··· EXTRACTED ENTRIES
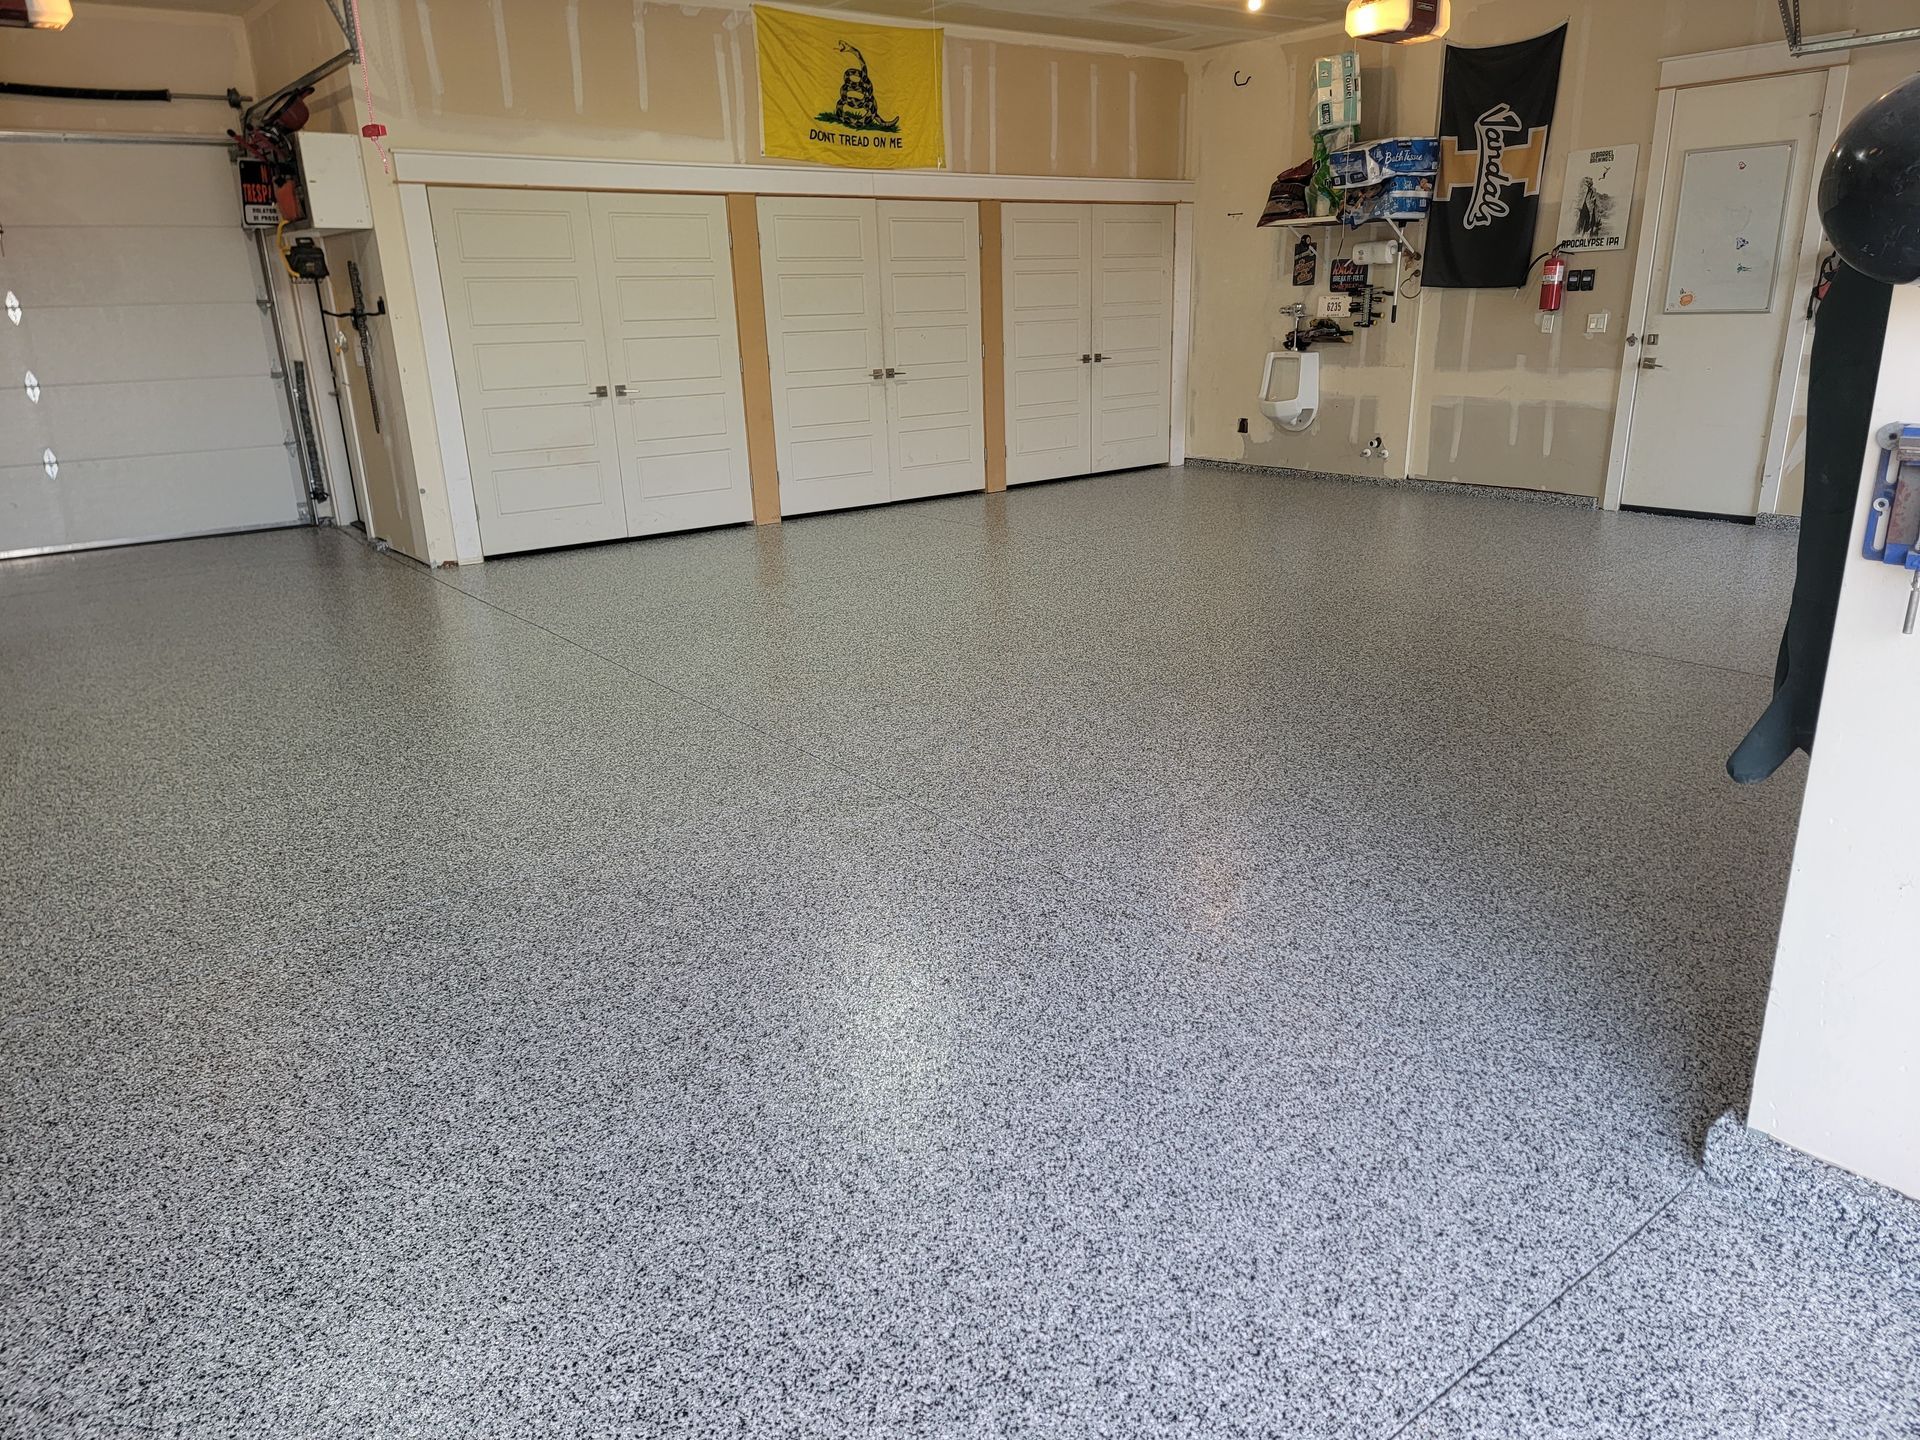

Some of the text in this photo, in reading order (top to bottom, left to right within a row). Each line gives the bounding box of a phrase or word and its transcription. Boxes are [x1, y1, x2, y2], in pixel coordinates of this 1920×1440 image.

[809, 129, 903, 148] DONT TREAD ON ME
[1385, 149, 1404, 164] Bath
[1403, 149, 1423, 161] Tissue
[1463, 103, 1522, 230] Vandals
[1561, 237, 1619, 249] APOCALYPSE IPA
[1326, 302, 1342, 312] 6235
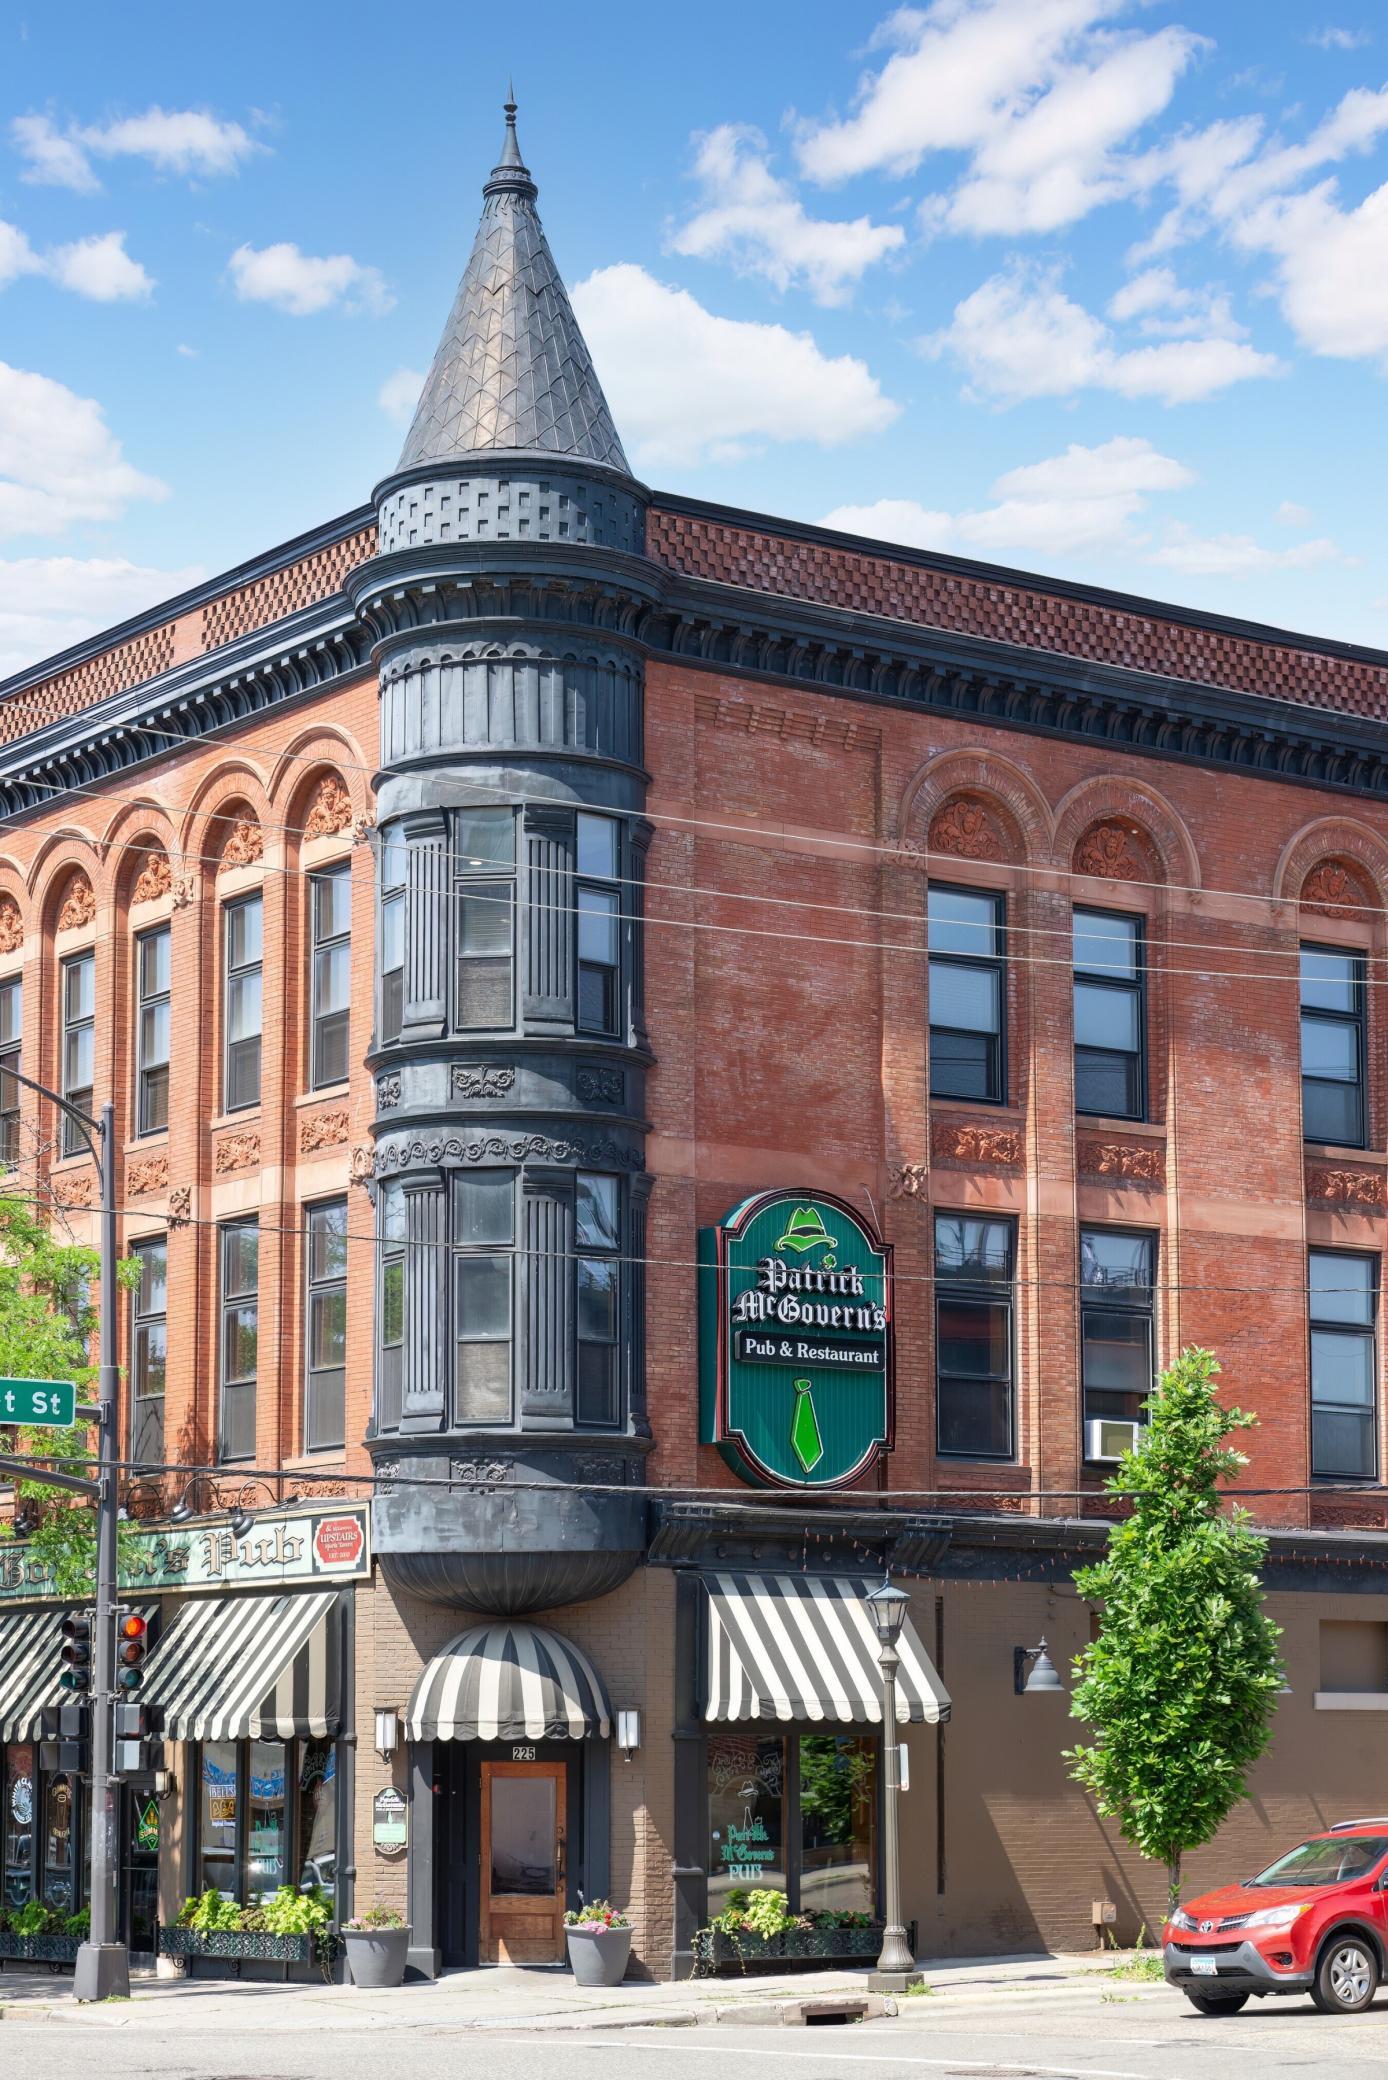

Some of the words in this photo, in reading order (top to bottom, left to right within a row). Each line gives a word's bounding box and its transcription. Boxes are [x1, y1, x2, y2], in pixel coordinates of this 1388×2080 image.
······
Could you output every record above exactly as it appears, without the pictures?

# PROBLEM SOLUTION
Some of the text in this photo, in reading order (top to bottom, left to right within a row). Each line gives the bounding box of a phrase or word and its transcription. Boxes are [x1, y1, x2, y2], in pixel coordinates of this 1920×1440 image.

[809, 129, 903, 148] DONT TREAD ON ME
[1385, 149, 1404, 164] Bath
[1403, 149, 1423, 161] Tissue
[1463, 103, 1522, 230] Vandals
[1561, 237, 1619, 249] APOCALYPSE IPA
[1326, 302, 1342, 312] 6235

Some of the words in this photo, in reading order (top to bottom, left to right within a row). Each line gives a word's bounding box and its transcription. Boxes are [x1, y1, x2, y2], in pixel coordinates of this 1388×2080 image.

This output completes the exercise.